TO DO: With the images removed, reproduce each entry below word for word.

INFORMATION SUPPLIED:
----------

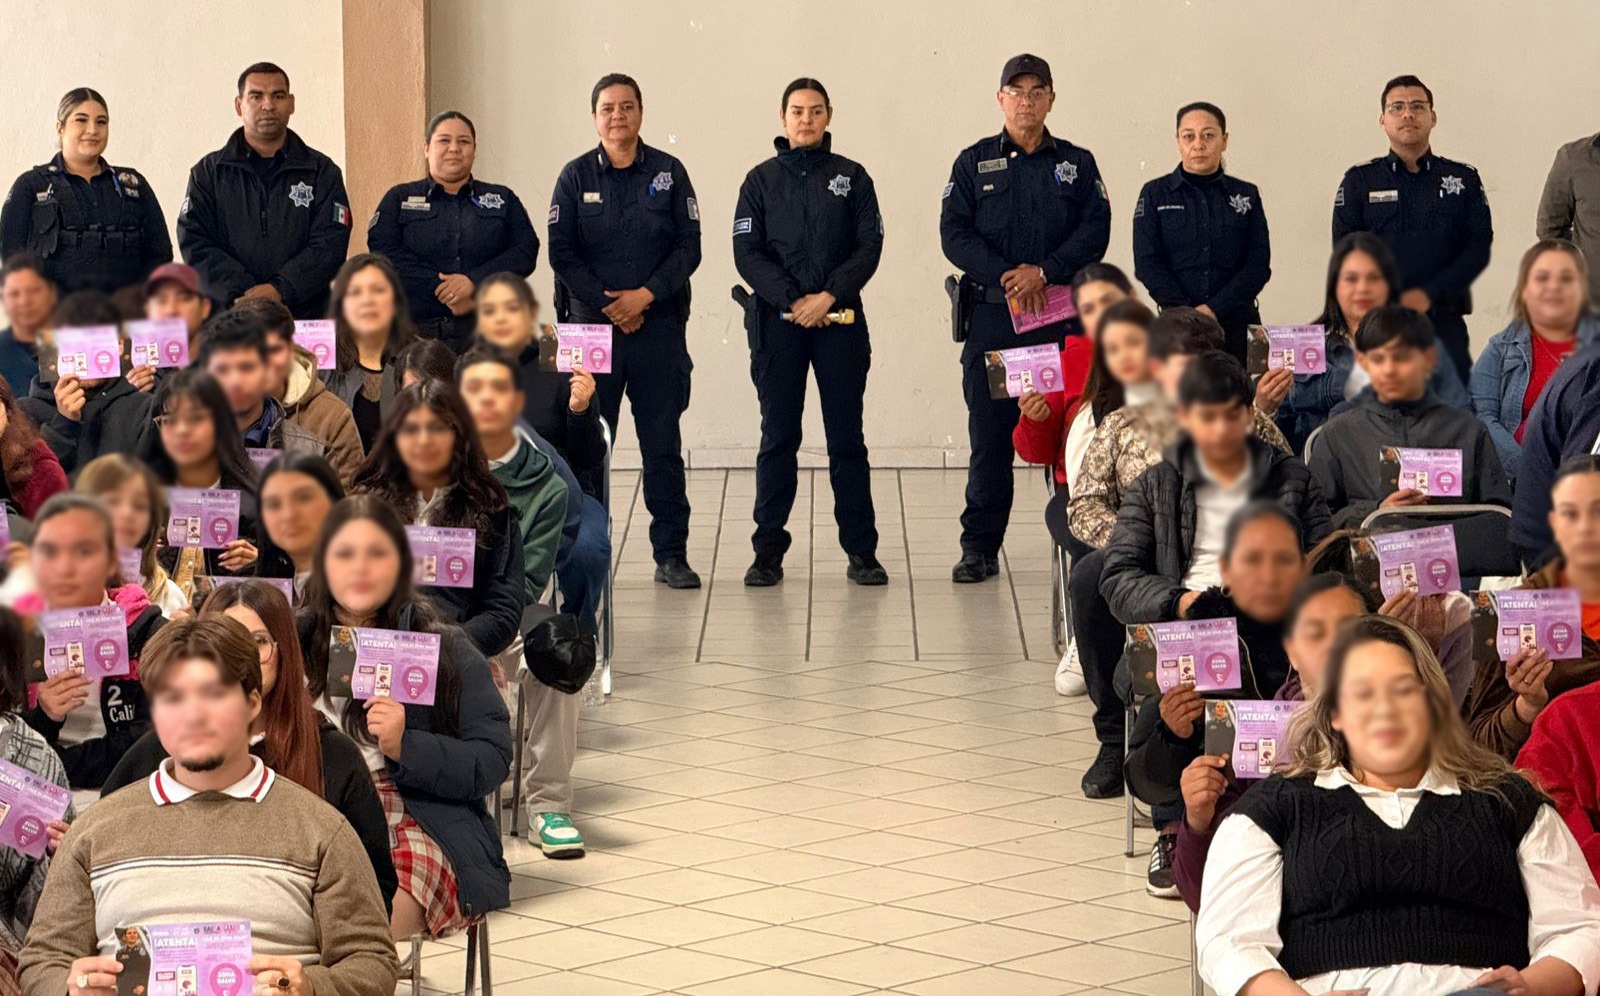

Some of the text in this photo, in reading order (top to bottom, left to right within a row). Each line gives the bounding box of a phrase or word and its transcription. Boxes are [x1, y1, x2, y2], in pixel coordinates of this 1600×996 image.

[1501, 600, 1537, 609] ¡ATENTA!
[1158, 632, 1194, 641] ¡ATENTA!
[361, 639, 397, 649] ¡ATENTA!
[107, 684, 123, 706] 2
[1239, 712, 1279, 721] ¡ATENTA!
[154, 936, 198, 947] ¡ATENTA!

----------

TASK RESULT:
Some of the text in this photo, in reading order (top to bottom, left to right within a row). Each line gives the bounding box of a phrase or word and its transcription. Boxes are [x1, y1, x2, y2], in pixel coordinates of this 1600×996 image.

[1501, 600, 1537, 609] ¡ATENTA!
[1158, 632, 1194, 641] ¡ATENTA!
[361, 639, 397, 649] ¡ATENTA!
[107, 684, 123, 706] 2
[1239, 712, 1279, 721] ¡ATENTA!
[154, 936, 198, 947] ¡ATENTA!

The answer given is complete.